*** Opening Dataset ***
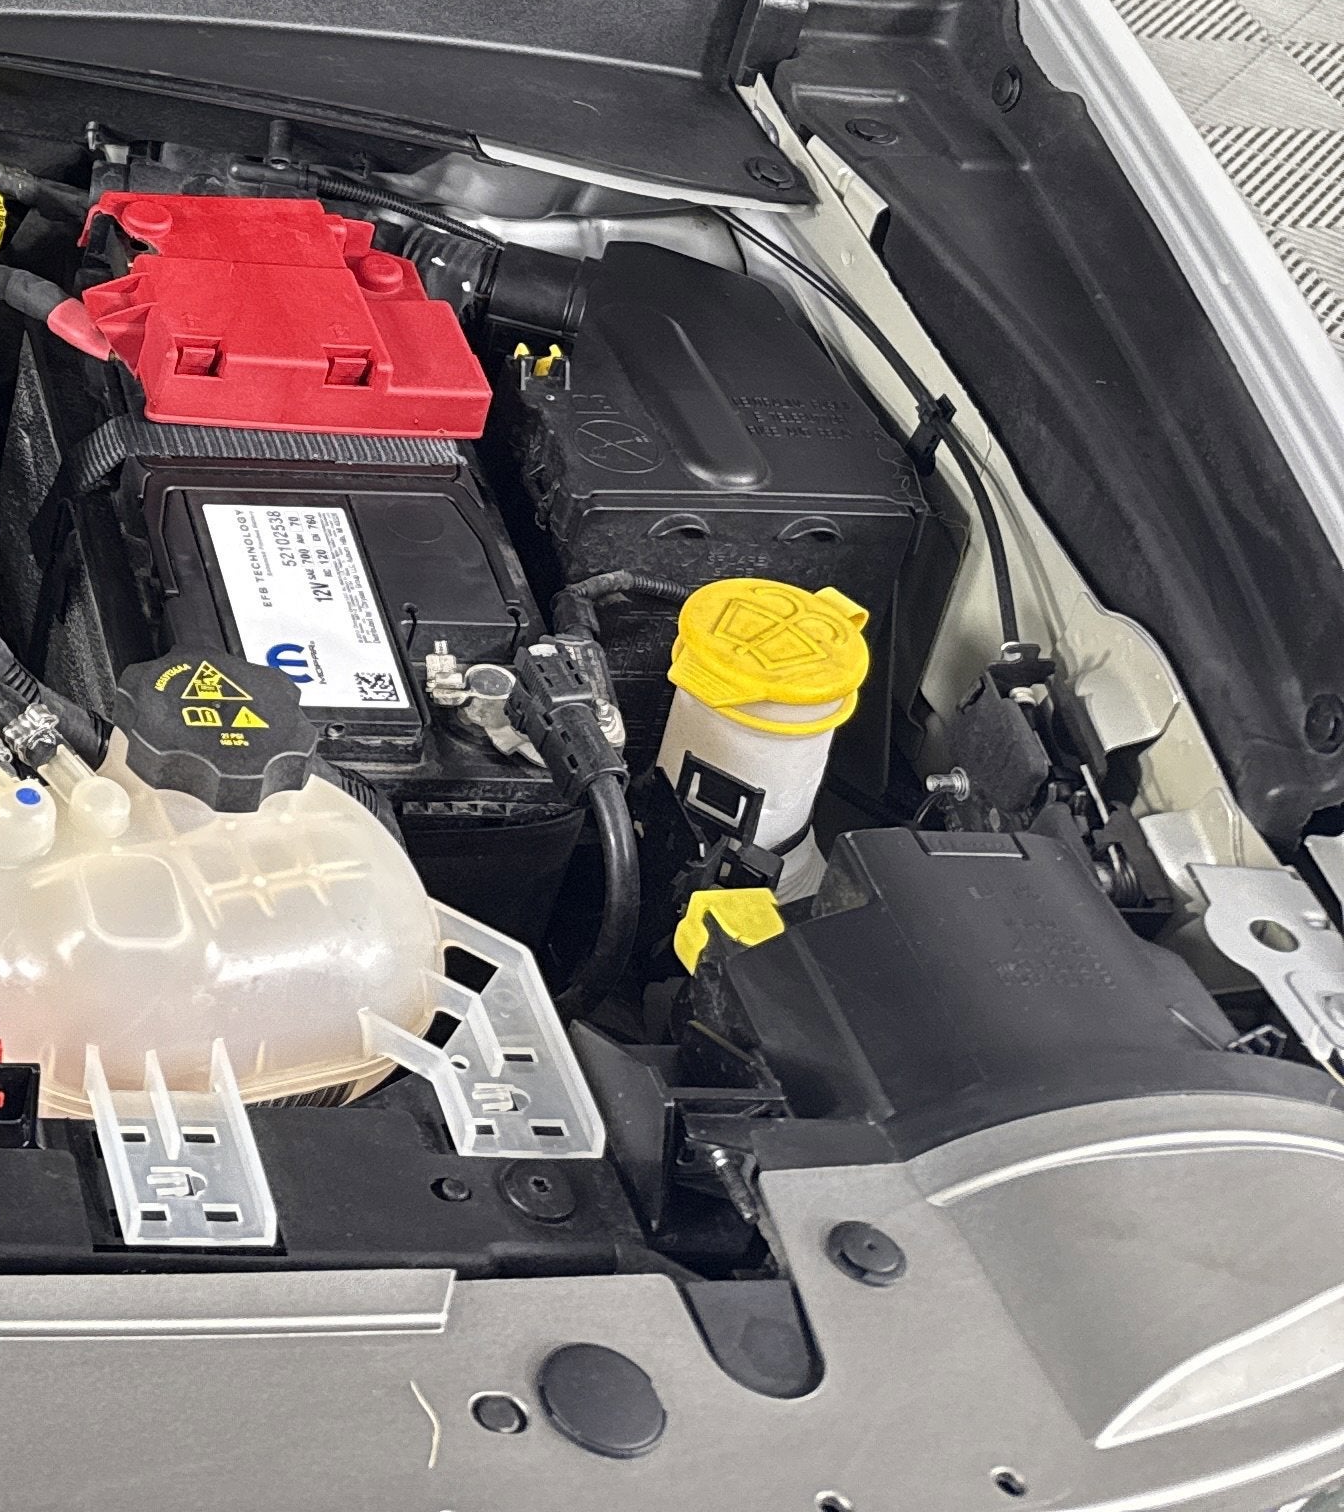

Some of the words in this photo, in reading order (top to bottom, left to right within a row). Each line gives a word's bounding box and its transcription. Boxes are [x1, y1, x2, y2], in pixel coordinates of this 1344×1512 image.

[305, 514, 318, 529] 760
[235, 509, 264, 581] TECHNOLOGY
[266, 510, 297, 566] 52102538
[299, 548, 313, 564] 700
[316, 549, 330, 564] 120
[258, 587, 272, 607] EFB
[312, 581, 334, 602] 12V
[308, 644, 326, 684] MOPAR
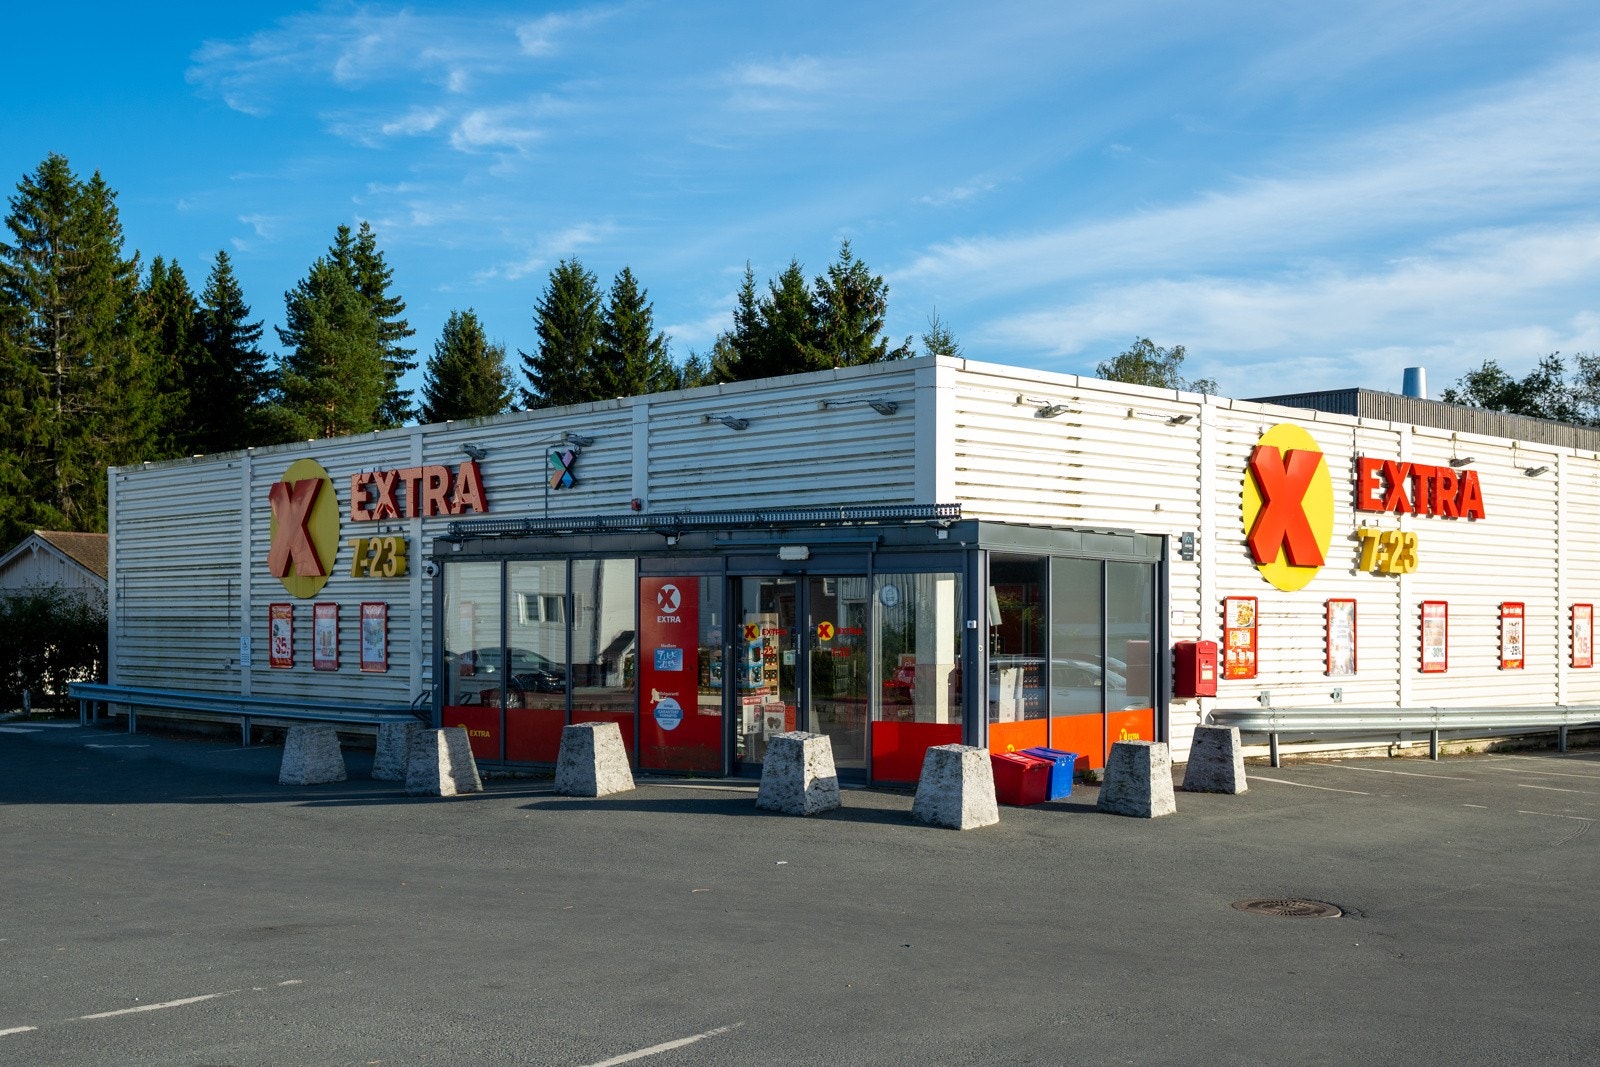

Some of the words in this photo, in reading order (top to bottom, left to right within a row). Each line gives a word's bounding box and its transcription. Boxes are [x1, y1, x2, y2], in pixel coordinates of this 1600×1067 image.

[351, 461, 488, 521] EXTRA
[1357, 456, 1485, 519] EXTRA
[348, 537, 404, 578] 7-23
[1358, 528, 1418, 574] 7-23
[656, 615, 681, 623] EXTRA
[762, 628, 787, 636] EXTRA
[470, 730, 490, 738] EXTRA
*** Closing Dataset ***
Set down the records again exactly as they appear, leaving each picture behind.

Some of the words in this photo, in reading order (top to bottom, left to right within a row). Each line gives a word's bounding box and its transcription. Boxes are [x1, y1, x2, y2], in pixel coordinates of this 1344×1512 image.

[305, 514, 318, 529] 760
[235, 509, 264, 581] TECHNOLOGY
[266, 510, 297, 566] 52102538
[299, 548, 313, 564] 700
[316, 549, 330, 564] 120
[258, 587, 272, 607] EFB
[312, 581, 334, 602] 12V
[308, 644, 326, 684] MOPAR

Some of the words in this photo, in reading order (top to bottom, left to right within a row). Each line gives a word's bounding box and its transcription. Boxes are [x1, y1, x2, y2], in pixel coordinates of this 1600×1067 image.

[351, 461, 488, 521] EXTRA
[1357, 456, 1485, 519] EXTRA
[348, 537, 404, 578] 7-23
[1358, 528, 1418, 574] 7-23
[656, 615, 681, 623] EXTRA
[762, 628, 787, 636] EXTRA
[470, 730, 490, 738] EXTRA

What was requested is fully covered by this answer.